No More Apologies
Posted in Introspection on Jun 16th, 2008 1 Comment »
I’m think I’m through being vulnerable.
Vulnerability doesn’t seem like one of those things I can change on a conscious decision, like whether to wear my hair up or down, whether to pair flats or heels with an outfit, whether to highlight the eyes or the lips today.
But I think I’m disgusted. I think I’ve had enough.
I credit a moment of clarity tonight when I truly felt the weight of my own neuroses. It had to do, again, with measuring up, looking like I’m worth something or looking like I’m worthless, feeling like I have something truly valuable to offer the world, or feeling like I have nothing at all to offer anyone.
Lost. I’ve been lost in my own head, stumbling blind, trying to find some familiar path to equilibrium, but suspecting such a path does not exist.
Of course it doesn’t exist. If I’d beaten a path as a child, I wouldn’t be fumbling like I am this thirty-fourth year of my life. In here is a wilderness; there are no paths.
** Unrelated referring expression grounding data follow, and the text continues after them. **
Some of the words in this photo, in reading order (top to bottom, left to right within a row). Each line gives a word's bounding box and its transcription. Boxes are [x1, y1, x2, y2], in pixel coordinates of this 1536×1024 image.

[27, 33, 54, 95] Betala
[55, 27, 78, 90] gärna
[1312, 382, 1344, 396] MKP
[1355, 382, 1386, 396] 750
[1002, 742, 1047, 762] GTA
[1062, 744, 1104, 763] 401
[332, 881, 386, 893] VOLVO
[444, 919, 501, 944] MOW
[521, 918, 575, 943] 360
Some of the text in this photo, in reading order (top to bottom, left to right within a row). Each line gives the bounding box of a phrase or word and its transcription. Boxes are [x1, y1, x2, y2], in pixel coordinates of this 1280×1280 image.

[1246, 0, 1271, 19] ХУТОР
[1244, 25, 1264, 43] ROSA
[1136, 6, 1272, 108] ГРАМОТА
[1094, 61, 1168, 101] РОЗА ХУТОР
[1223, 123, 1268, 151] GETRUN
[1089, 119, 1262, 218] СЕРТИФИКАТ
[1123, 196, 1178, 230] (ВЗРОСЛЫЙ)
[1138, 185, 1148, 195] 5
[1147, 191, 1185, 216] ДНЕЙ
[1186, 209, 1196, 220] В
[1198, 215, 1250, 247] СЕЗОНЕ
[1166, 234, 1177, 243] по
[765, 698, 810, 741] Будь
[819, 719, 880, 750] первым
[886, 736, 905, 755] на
If I’m to find my way, some direction, gain some sense of orientation, I’ll have to take it upon myself to start tearing down and trampling the overgrowth.
No more apologies.
I’ve been so afraid of relapsing into Entitlement Complex that I’ve convinced myself I am entitled to nothing. Guilt does that. It robs you of any self-respect and leads you to relinquish all self-worth. You spend a lifetime punishing yourself because you actually feel you deserve a lifetime of punishment.
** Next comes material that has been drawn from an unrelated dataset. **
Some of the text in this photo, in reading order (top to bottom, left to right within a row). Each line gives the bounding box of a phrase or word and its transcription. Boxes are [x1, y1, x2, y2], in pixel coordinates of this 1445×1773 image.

How in the world did I GET this way??? Who’s responsible for twisting up my head like this? Could my reckless acts of immaturity, irresponsibility, and selfishness really have created such a profoundly deep, enduring remorse? Or could a mere human being be to blame for so much damage?
I accept I perceive metaphor in everything, and therefore melodramatize and romanticize.
I accept I am persistent.
I accept I am process-oriented.
I accept I am territorial.
I accept I am inquisitive.
I accept I am creatively chaotic.
I accept I am passionate.
I accept I am compulsively expressive.
I can honestly say I never intend to do harm, yet I also admit I am slow to admit my wrongdoings because it hurts so badly to face my responsibility for wounding someone. Why? Because I have never figured out how to sufficiently make amends. It’s either deny deny deny or avoid avoid avoid and salvage some pride and self-respect, or…it’s accept grossly ill-proportionate self-flagellation for an inappropriately prolonged period of time. See how neither of these is reasonable.
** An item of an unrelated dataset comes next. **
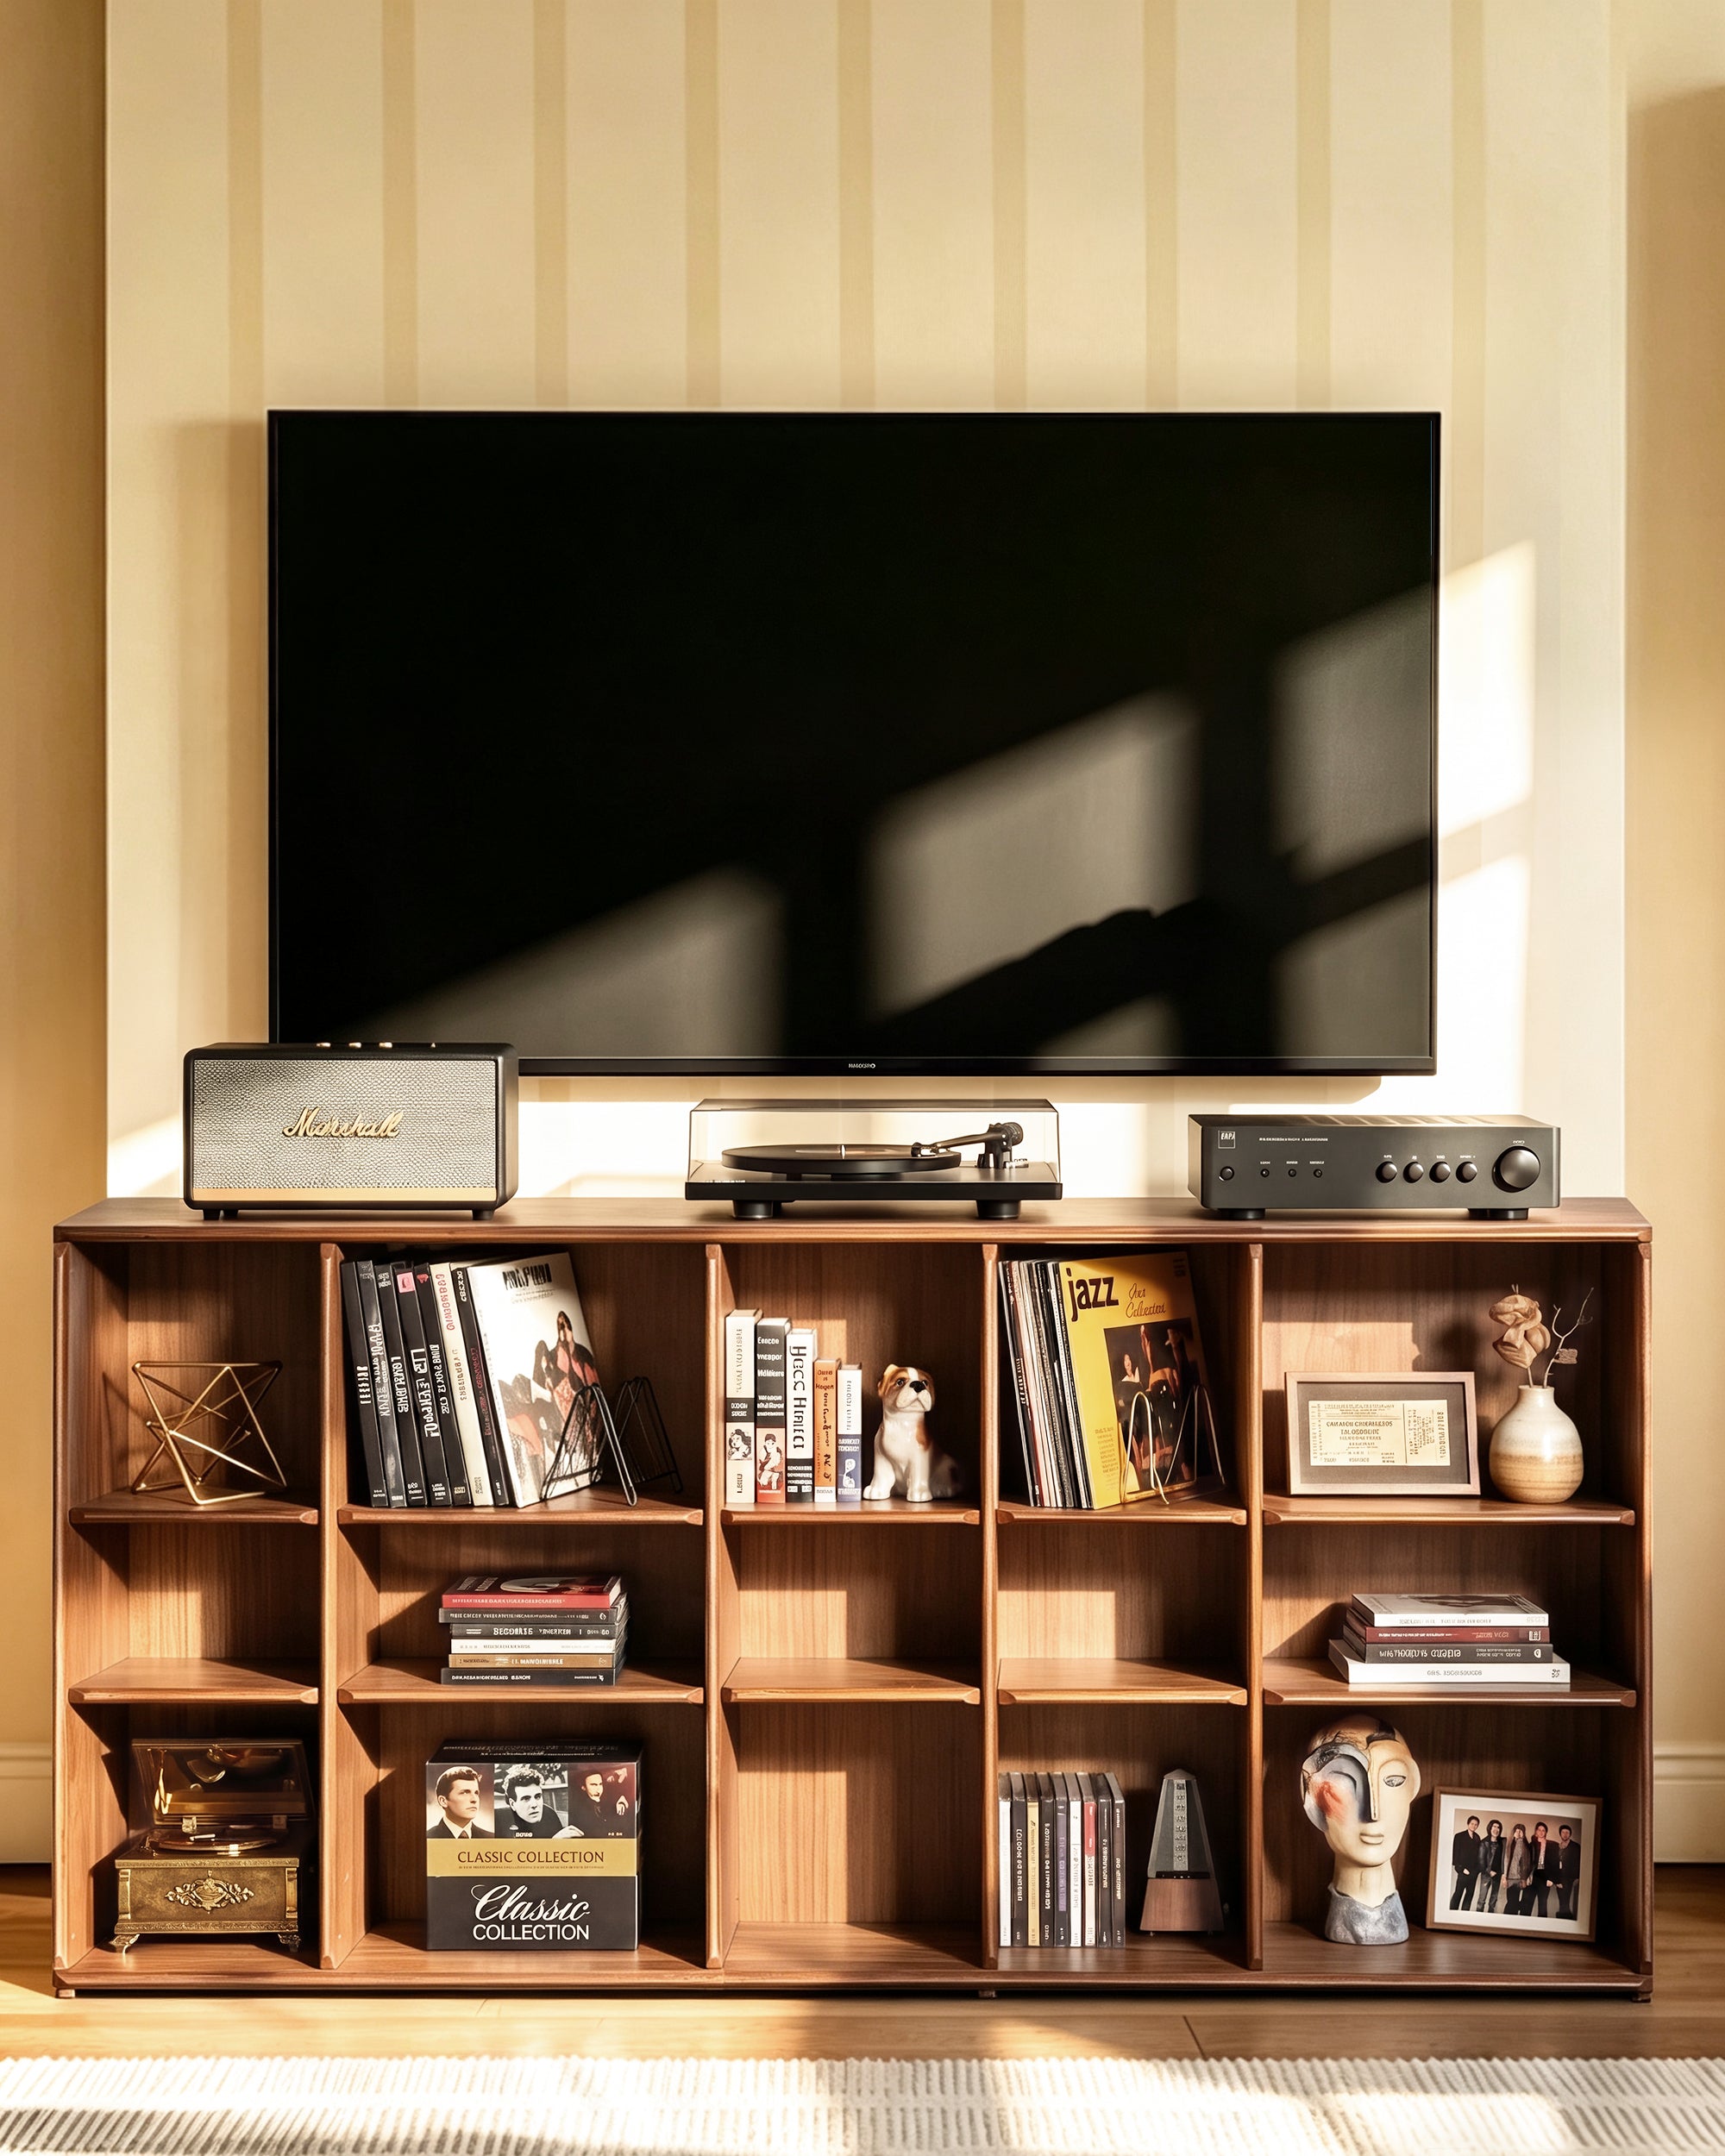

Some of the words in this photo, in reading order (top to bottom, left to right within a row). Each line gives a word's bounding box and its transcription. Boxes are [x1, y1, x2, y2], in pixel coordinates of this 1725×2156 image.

(I might attribute my reconciliative ineptitude to years of being an easy victim of guilt trips, and this might be a valid hypothesis, because I’m so good at dishing those out. I loathe that about me, but I am conscious of it, and I do fight the knee-jerk reaction when I feel it coming on (even though I am usually unsuccessful in aborting it).)
What is reasonable is, “I’m so sorry that I hurt you. I was wrong. I was (stubborn, insensitive, selfish, thoughtless, etc.), and I will make an ardent, genuine effort to refrain from making the same mistake again.” Sweet and simple.
And if such an apology is not accepted, isn’t it then out of my hands? Is it really necessary for me to grovel or cower or continue to wallow in guilt after that?
No. And acknowledging this, I cannot continue to allow my own psychological balance to be dependent on the attitudes of the wounded. I should be compassionate, sympathetic, gentle…but not a whipping boy. Or girl, rather.
I think that in order to put this newfound knowledge into practice, I’d have to develop a well-established sequence of actions that I consciously execute whenever I find myself in such a situation. I couldn’t continue to rely on my emotional reactions, because they’re “whacked”—irrational and unreliable. I’d have to “train” myself to adhere to the boundaries I’ve created, no matter what. That would require some pretty durable gumption.
But since I’m being affirmative, I’m going to declare I have what it takes. I am hereby refusing to be a victim anymore. I will no longer be a Vulnerable.